[Stored dataset items]
####

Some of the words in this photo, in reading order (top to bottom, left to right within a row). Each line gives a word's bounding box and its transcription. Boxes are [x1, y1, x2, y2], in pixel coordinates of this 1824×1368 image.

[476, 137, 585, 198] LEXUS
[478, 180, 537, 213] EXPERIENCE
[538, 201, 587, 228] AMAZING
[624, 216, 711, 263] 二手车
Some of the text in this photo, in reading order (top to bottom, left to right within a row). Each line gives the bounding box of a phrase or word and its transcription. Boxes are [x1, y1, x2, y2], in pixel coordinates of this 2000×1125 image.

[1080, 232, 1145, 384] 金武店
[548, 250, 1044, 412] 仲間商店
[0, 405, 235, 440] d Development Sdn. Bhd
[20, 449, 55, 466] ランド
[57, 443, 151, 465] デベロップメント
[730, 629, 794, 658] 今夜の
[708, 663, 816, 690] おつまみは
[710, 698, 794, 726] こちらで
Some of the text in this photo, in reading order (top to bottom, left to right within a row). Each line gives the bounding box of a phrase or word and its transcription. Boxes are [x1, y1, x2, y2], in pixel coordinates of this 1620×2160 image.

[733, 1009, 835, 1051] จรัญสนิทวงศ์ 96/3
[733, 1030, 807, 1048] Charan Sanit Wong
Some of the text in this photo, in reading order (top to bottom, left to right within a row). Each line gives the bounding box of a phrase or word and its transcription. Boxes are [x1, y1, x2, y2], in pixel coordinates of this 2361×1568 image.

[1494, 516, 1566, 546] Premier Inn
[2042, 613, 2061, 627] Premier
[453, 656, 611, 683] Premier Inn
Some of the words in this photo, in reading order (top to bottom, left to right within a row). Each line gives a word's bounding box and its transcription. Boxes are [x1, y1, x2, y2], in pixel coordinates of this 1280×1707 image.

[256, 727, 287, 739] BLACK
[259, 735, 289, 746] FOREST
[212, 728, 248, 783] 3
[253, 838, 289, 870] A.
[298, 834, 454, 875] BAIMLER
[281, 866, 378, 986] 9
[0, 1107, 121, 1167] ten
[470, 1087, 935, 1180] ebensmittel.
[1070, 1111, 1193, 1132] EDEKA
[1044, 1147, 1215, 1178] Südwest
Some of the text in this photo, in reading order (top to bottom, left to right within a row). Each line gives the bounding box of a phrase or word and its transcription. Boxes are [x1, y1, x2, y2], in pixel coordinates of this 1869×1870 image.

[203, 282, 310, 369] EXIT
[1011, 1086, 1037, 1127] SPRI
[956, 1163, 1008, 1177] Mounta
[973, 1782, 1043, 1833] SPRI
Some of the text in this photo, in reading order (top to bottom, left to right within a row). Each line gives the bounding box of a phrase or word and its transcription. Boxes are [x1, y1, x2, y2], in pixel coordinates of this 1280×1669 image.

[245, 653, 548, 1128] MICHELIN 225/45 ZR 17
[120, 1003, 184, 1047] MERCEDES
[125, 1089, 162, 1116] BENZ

####

Reproduce every record that appears above, keeping the wording exact.

Some of the words in this photo, in reading order (top to bottom, left to right within a row). Each line gives a word's bounding box and its transcription. Boxes are [x1, y1, x2, y2], in pixel coordinates of this 1824×1368 image.

[476, 137, 585, 198] LEXUS
[478, 180, 537, 213] EXPERIENCE
[538, 201, 587, 228] AMAZING
[624, 216, 711, 263] 二手车
Some of the text in this photo, in reading order (top to bottom, left to right within a row). Each line gives the bounding box of a phrase or word and its transcription. Boxes are [x1, y1, x2, y2], in pixel coordinates of this 2000×1125 image.

[1080, 232, 1145, 384] 金武店
[548, 250, 1044, 412] 仲間商店
[0, 405, 235, 440] d Development Sdn. Bhd
[20, 449, 55, 466] ランド
[57, 443, 151, 465] デベロップメント
[730, 629, 794, 658] 今夜の
[708, 663, 816, 690] おつまみは
[710, 698, 794, 726] こちらで
Some of the text in this photo, in reading order (top to bottom, left to right within a row). Each line gives the bounding box of a phrase or word and its transcription. Boxes are [x1, y1, x2, y2], in pixel coordinates of this 1620×2160 image.

[733, 1009, 835, 1051] จรัญสนิทวงศ์ 96/3
[733, 1030, 807, 1048] Charan Sanit Wong
Some of the text in this photo, in reading order (top to bottom, left to right within a row). Each line gives the bounding box of a phrase or word and its transcription. Boxes are [x1, y1, x2, y2], in pixel coordinates of this 2361×1568 image.

[1494, 516, 1566, 546] Premier Inn
[2042, 613, 2061, 627] Premier
[453, 656, 611, 683] Premier Inn
Some of the words in this photo, in reading order (top to bottom, left to right within a row). Each line gives a word's bounding box and its transcription. Boxes are [x1, y1, x2, y2], in pixel coordinates of this 1280×1707 image.

[256, 727, 287, 739] BLACK
[259, 735, 289, 746] FOREST
[212, 728, 248, 783] 3
[253, 838, 289, 870] A.
[298, 834, 454, 875] BAIMLER
[281, 866, 378, 986] 9
[0, 1107, 121, 1167] ten
[470, 1087, 935, 1180] ebensmittel.
[1070, 1111, 1193, 1132] EDEKA
[1044, 1147, 1215, 1178] Südwest
Some of the text in this photo, in reading order (top to bottom, left to right within a row). Each line gives the bounding box of a phrase or word and its transcription. Boxes are [x1, y1, x2, y2], in pixel coordinates of this 1869×1870 image.

[203, 282, 310, 369] EXIT
[1011, 1086, 1037, 1127] SPRI
[956, 1163, 1008, 1177] Mounta
[973, 1782, 1043, 1833] SPRI
Some of the text in this photo, in reading order (top to bottom, left to right within a row). Each line gives the bounding box of a phrase or word and its transcription. Boxes are [x1, y1, x2, y2], in pixel coordinates of this 1280×1669 image.

[245, 653, 548, 1128] MICHELIN 225/45 ZR 17
[120, 1003, 184, 1047] MERCEDES
[125, 1089, 162, 1116] BENZ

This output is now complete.